Let's take a look at those Gartner projections again. Less than 3% of all businesses will block BYOD outright, and these organizations will probably be in highly regulated, security-conscious segments such as government and banking. Meanwhile, ignoring BYOD will go away forever--a wise response to a trend that poses significant security problems. The upshot is that if you have any stake in the hardware or networking infrastructures in your business, now is a good time to consider BYOD risks and benefits, and to develop a plan for managing BYOD at your company.
The tricky part is that there's no single correct response to BYOD. There's no silver-bullet platform or application that just makes BYOD work. For many businesses, there isn't even a single BYOD approach that they can apply companywide. Different roles and individuals may present different levels of risk, and may require you to apply and manage BYOD differently.
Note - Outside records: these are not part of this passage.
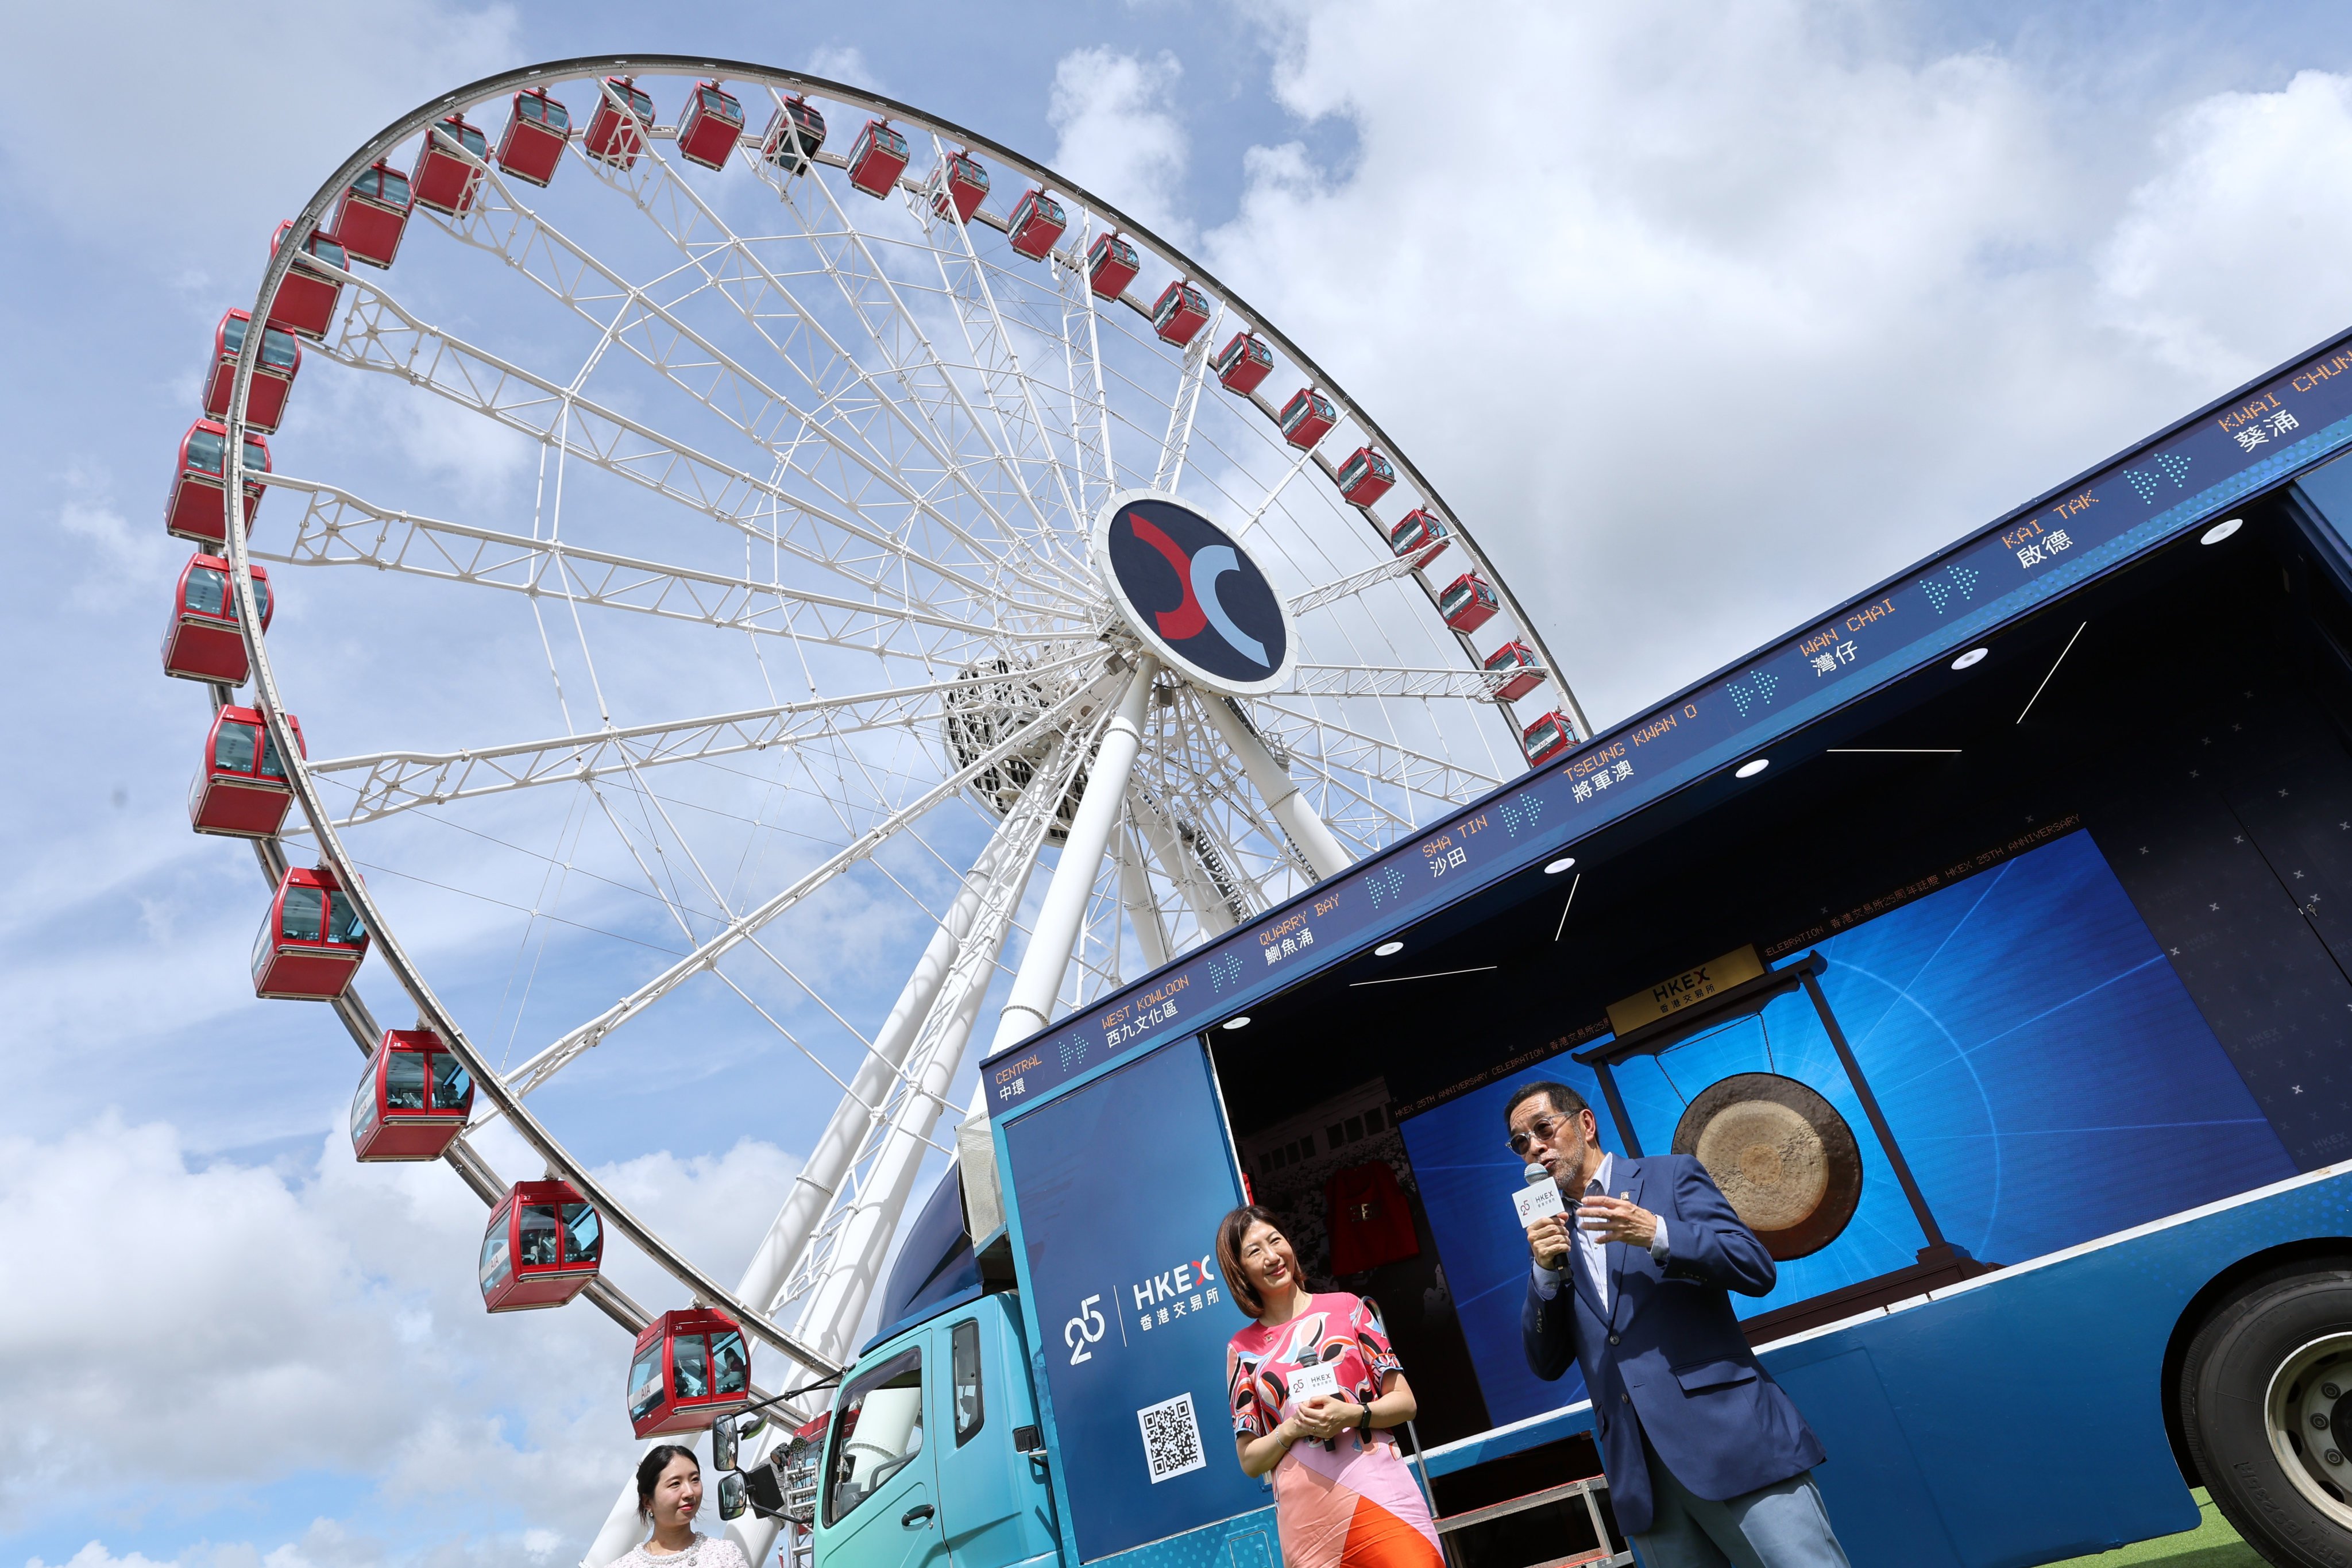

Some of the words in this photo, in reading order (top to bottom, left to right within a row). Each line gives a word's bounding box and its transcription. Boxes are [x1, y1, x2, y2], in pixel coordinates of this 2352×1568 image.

[1291, 414, 1299, 423] AIA
[2218, 392, 2281, 432] KWAI
[2233, 410, 2299, 453] 葵涌
[2001, 519, 2045, 549] KAI
[2053, 489, 2099, 519] TAK
[1404, 534, 1412, 543] AIA
[2016, 529, 2073, 569] 啟德
[1454, 599, 1462, 608] AIA
[1799, 628, 1839, 657] WAN
[1846, 598, 1896, 633] CHAI
[1810, 640, 1859, 677] 灣仔
[1539, 739, 1548, 748] AIA
[1563, 742, 1625, 781] TSEUNG
[1632, 714, 1677, 747] KWAN
[1683, 704, 1698, 719] O
[1571, 759, 1635, 804] 將軍澳
[1422, 835, 1453, 859] SHA
[1458, 814, 1489, 839] TIN
[1429, 847, 1467, 878] 沙田
[1764, 925, 1824, 957] ELEBRATION
[1945, 860, 1972, 878] HKEX
[1976, 847, 2004, 865] 25TH
[2008, 813, 2081, 852] ANNIVERSARY
[1260, 911, 1307, 946] QUARRY
[1314, 893, 1339, 917] BAY
[1265, 928, 1314, 966] 鰂魚涌
[1102, 1006, 1131, 1030] WEST
[1137, 975, 1189, 1011] KOWLOON
[1652, 967, 1710, 1003] HKEX
[1659, 983, 1716, 1014] 香港交易所
[1106, 999, 1178, 1048] 西九文化區
[995, 1054, 1042, 1084] CENTRAL
[1395, 1104, 1414, 1118] HKEX
[1416, 1094, 1436, 1109] 25TH
[1438, 1071, 1488, 1099] ANNIVERSARY
[1492, 1047, 1544, 1076] CELEBRATION
[999, 1077, 1026, 1102] 中環
[2312, 1131, 2349, 1149] HKEX
[1520, 1199, 1530, 1216] 25
[1535, 1190, 1554, 1203] HKEX
[490, 1256, 499, 1271] AIA
[1133, 1254, 1215, 1310] HKEX
[1140, 1287, 1219, 1331] 香港交易所
[1065, 1294, 1106, 1365] 25
[640, 1387, 651, 1399] AIA
[1293, 1379, 1304, 1393] 25
[1311, 1373, 1331, 1383] HKEX
With this in mind, here are four essential matters to consider when you're navigating the ever-swirling BYOD waters.
1. Weigh your options
BYOD is emerging as a valuable and effective tool for attracting and retaining talent. Younger staffers simply expect to use their own smartphones and tablets to get work done. That said, embracing BYOD doesn't have to mean allowing a free-for-all.
Rob Enderle, principal analyst for the Enderle Group, explains: "Extremely unsecure platforms should likely still be avoided until and unless they can be effectively locked down. IT should still ensure that devices are protected through policy, and that corporate information is segregated from personal information, and is protected, and [that] its use is managed by policy."
As for the definition of "unsecure platforms," we can look straight to Android for some of the bigger security risks in the BYOD revolution, but unpatched Java and Flash installations are responsible for security breaches as well.